At the heart of this evolution is the ability to integrate, in a cost and power effective way, immense amounts of digital signal processing, general purpose processing and hard/soft IP in a single flexible platform.

Smarter vision systems will take many forms and, while the foundation blocks will remain the same – dsps, embedded processors and supporting IP – each solution will need to be 'tuned' to the specific application.

Developing bespoke solutions from discrete devices is, of course, possible but high volume deployment is best suited by an SoC. However, developing an SoC is expensive and complex, which means it is often only viable if it targets a very high volume application, such as a portable consumer device. Creating an SoC that meets the needs of many smart vision systems could be difficult and will necessitate a certain amount of redundancy in the design. Using a programmable platform, however, overcomes this problem.

The Zynq-7000 AllProgrammable SoC integrates an ARM Cortex-A9 dual core processing subsystem alongside Xilinx' high performance fpga fabric, allowing it to be adapted to the needs of various smart vision systems. Fig 1 shows how a Zynq SoC compares with a multichip architecture in multicamera ADAS application to provide such features as blind spot detection, lane departure warning, pedestrian detection and a 360° view when parking.

Fig 2 shows a generic signal flow for a smart vision system and compares the Zynq device against an SoC integrating dsp and gpu (graphic processor unit) cores, illustrating how the processing subsystem and fpga logic can work together to provide a more flexible and versatile platform. The extensibility of the Zynq SoC, using the fpga logic, also provides protection against hitting a performance 'ceiling' if additional compute power is required.

The success of smarter vision systems will rely heavily on embedded system developers having the right technologies to meet the performance and flexibility requirements, something the industry appreciates and is working hard to achieve.

In support of this, Xilinx has partnered with system design specialists, including MathWorks and National Instruments, to accelerate system level design.
MathWorks recently released a guided workflow for Zynq-7000 SoCs in its R2013b release, which enables design engineers to create and model their algorithms in MATLAB and Simulink, partition their designs between hardware and software and target, integrate, debug and test those models automatically to Xilinx design platforms.

Similarly, engineers can abstract the complexity of traditional RTL design using LabVIEW, in conjunction with National Instruments; RIO hardware platform, which uses Zynq SoCs.

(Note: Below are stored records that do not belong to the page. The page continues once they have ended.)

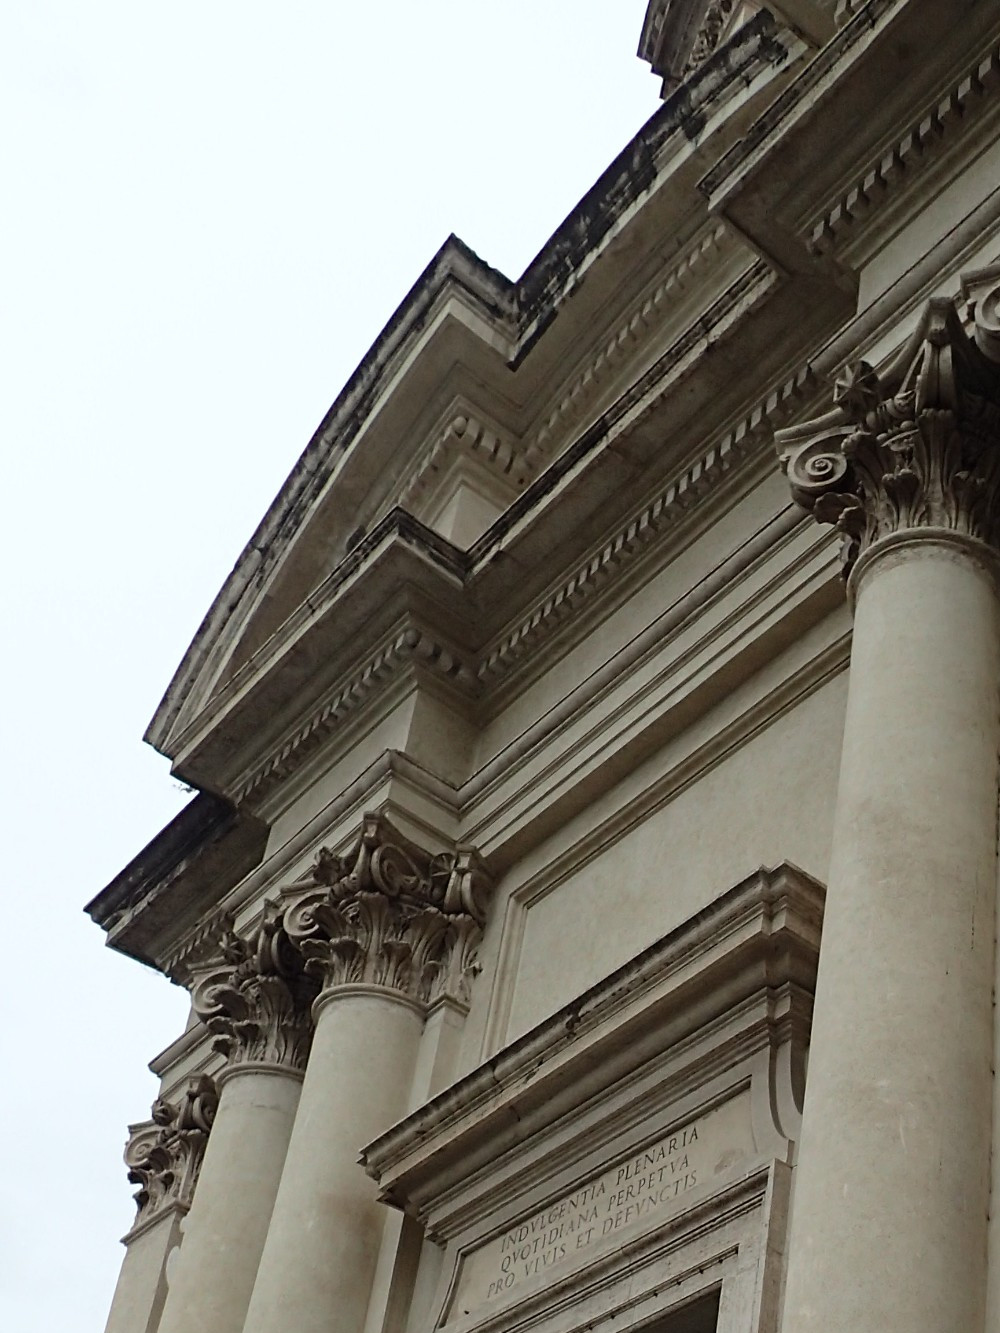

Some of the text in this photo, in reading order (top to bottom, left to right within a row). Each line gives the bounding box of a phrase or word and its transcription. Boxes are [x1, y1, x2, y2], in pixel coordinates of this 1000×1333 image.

[487, 1169, 698, 1299] PRO VIVIS ET DEFVNCTIS
[501, 1126, 699, 1252] INDVLGENTIA PLENARIA
[501, 1154, 689, 1273] QVOTIDIANA PERPETVA
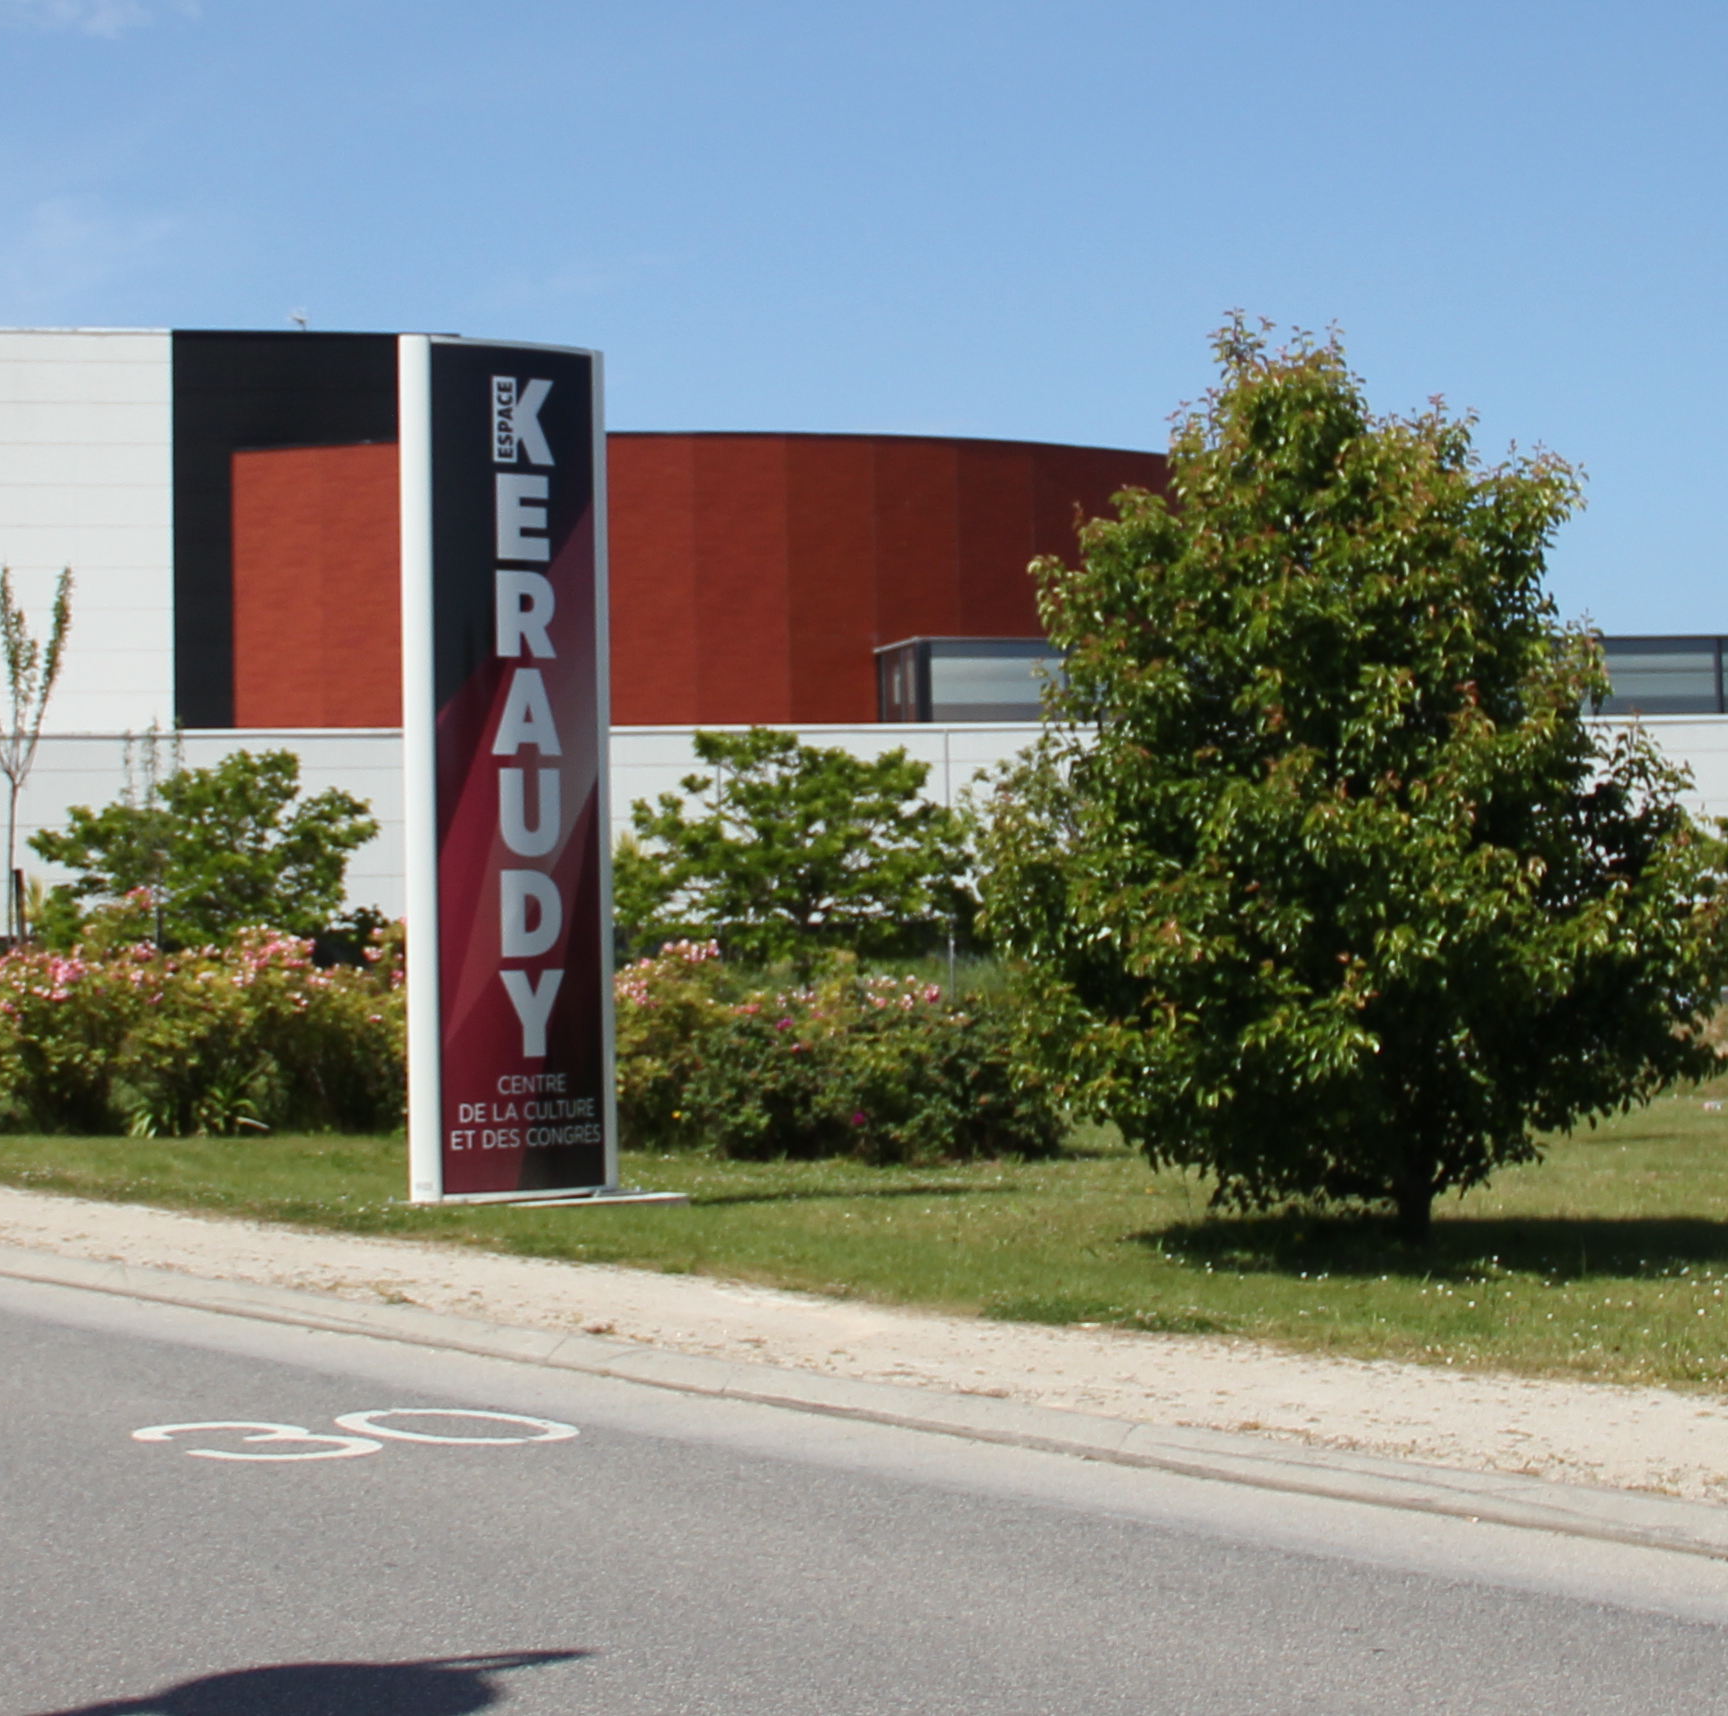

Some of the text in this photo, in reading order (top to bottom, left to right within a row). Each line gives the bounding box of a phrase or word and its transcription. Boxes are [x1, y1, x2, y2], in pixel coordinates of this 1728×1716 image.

[496, 381, 514, 459] ESPACE
[491, 375, 564, 1058] KERAUDY
[497, 1074, 566, 1094] CENTRE
[459, 1098, 595, 1123] DE LA CULTURE
[451, 1130, 476, 1150] ET
[482, 1129, 520, 1149] DES
[131, 1408, 579, 1460] 30
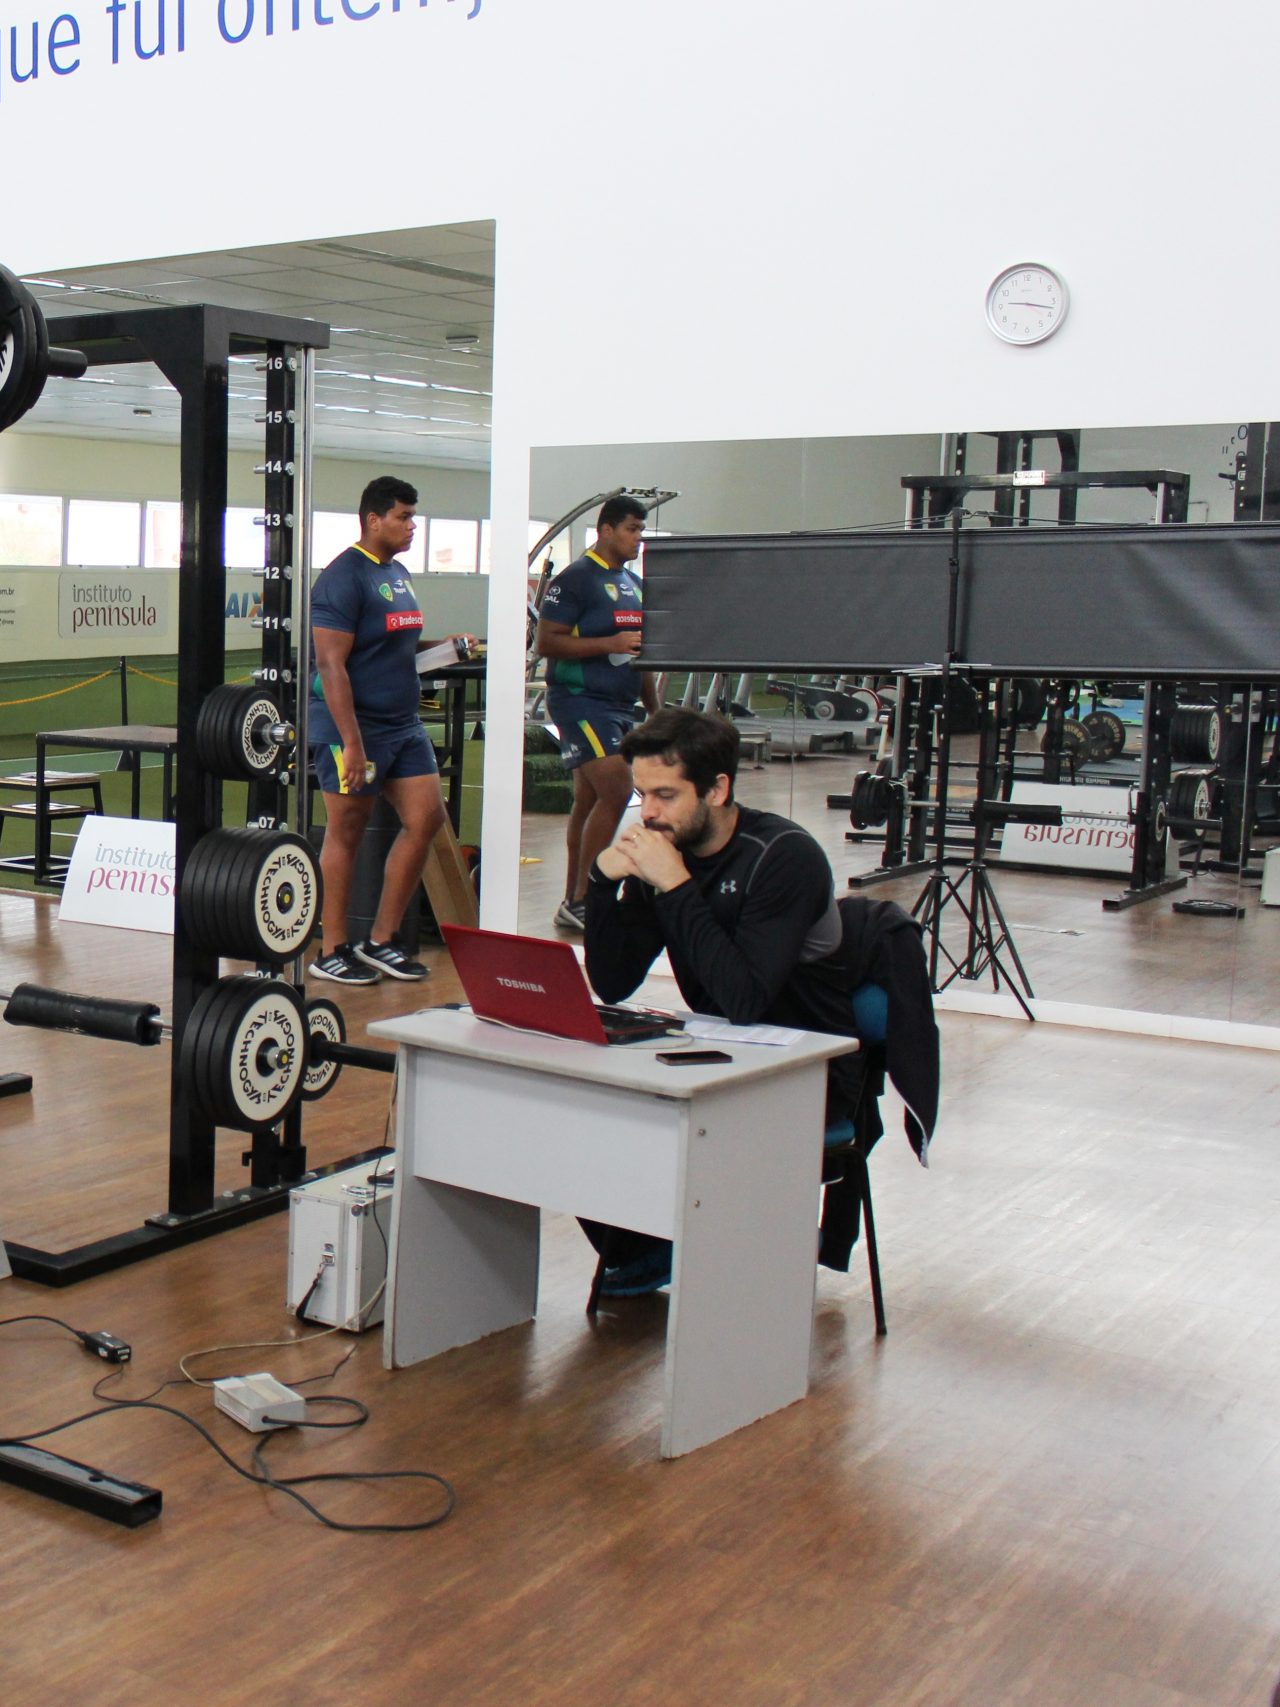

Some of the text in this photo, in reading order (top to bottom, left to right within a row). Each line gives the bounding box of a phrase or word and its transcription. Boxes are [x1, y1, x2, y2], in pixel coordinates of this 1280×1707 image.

A programmable platform such as the Zynq-7000 SoC, supported by leading edge tools, dedicated design suites and open source solutions like the OpenCV Library, all supported by the efforts of the Embedded Vision Alliance, will help ensure developers have access to the best in class resources to achieve their design goals.

As an Embedded Vision Alliance Platinum Member, Xilinx has already synthesised 30 of the most used embedded vision algorithms from the OpenCV library for its Zynq SoC platform using the Vivado HLS tool within the Vivado Design Suite, allowing developers to make processor/logic design trade-offs at a system level.

This level of performance and flexibility will be key to the evolution of smarter vision systems, providing OEMs the ideal platform on which to build smarter solutions.

Giles Peckham is director of marketing, EMEA, for Xilinx.